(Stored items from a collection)
===

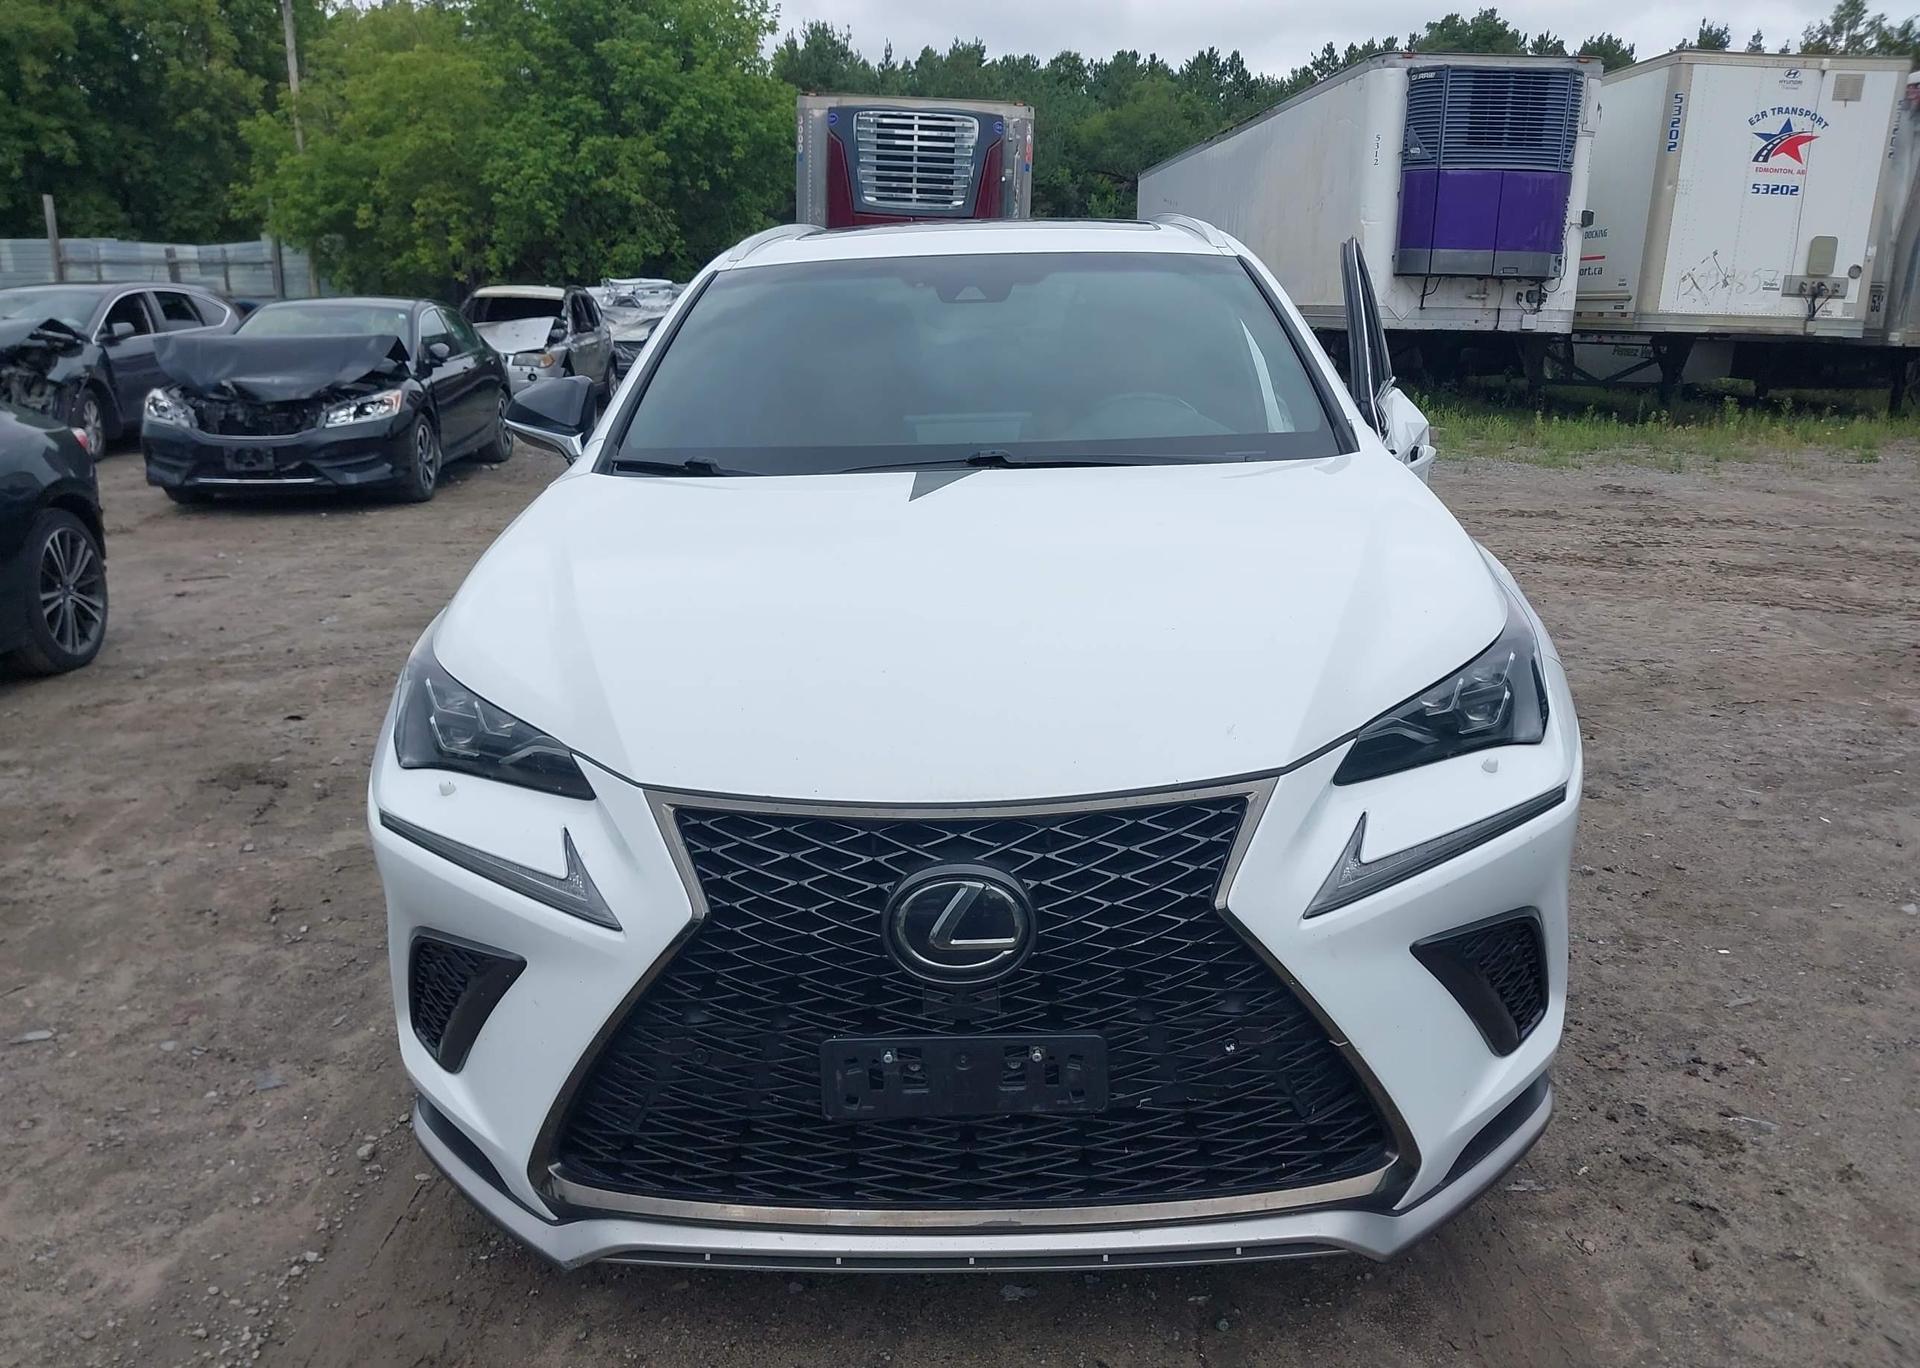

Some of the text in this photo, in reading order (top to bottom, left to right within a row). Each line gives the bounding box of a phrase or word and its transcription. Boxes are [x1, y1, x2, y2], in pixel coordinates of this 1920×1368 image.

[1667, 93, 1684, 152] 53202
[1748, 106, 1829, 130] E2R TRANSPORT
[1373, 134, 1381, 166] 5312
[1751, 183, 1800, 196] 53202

===

Exercise :: All of the data is to be transcribed exactly, with images omitted.

Answer for the task ::
Some of the text in this photo, in reading order (top to bottom, left to right within a row). Each line gives the bounding box of a phrase or word and its transcription. Boxes are [x1, y1, x2, y2], in pixel coordinates of this 1920×1368 image.

[1667, 93, 1684, 152] 53202
[1748, 106, 1829, 130] E2R TRANSPORT
[1373, 134, 1381, 166] 5312
[1751, 183, 1800, 196] 53202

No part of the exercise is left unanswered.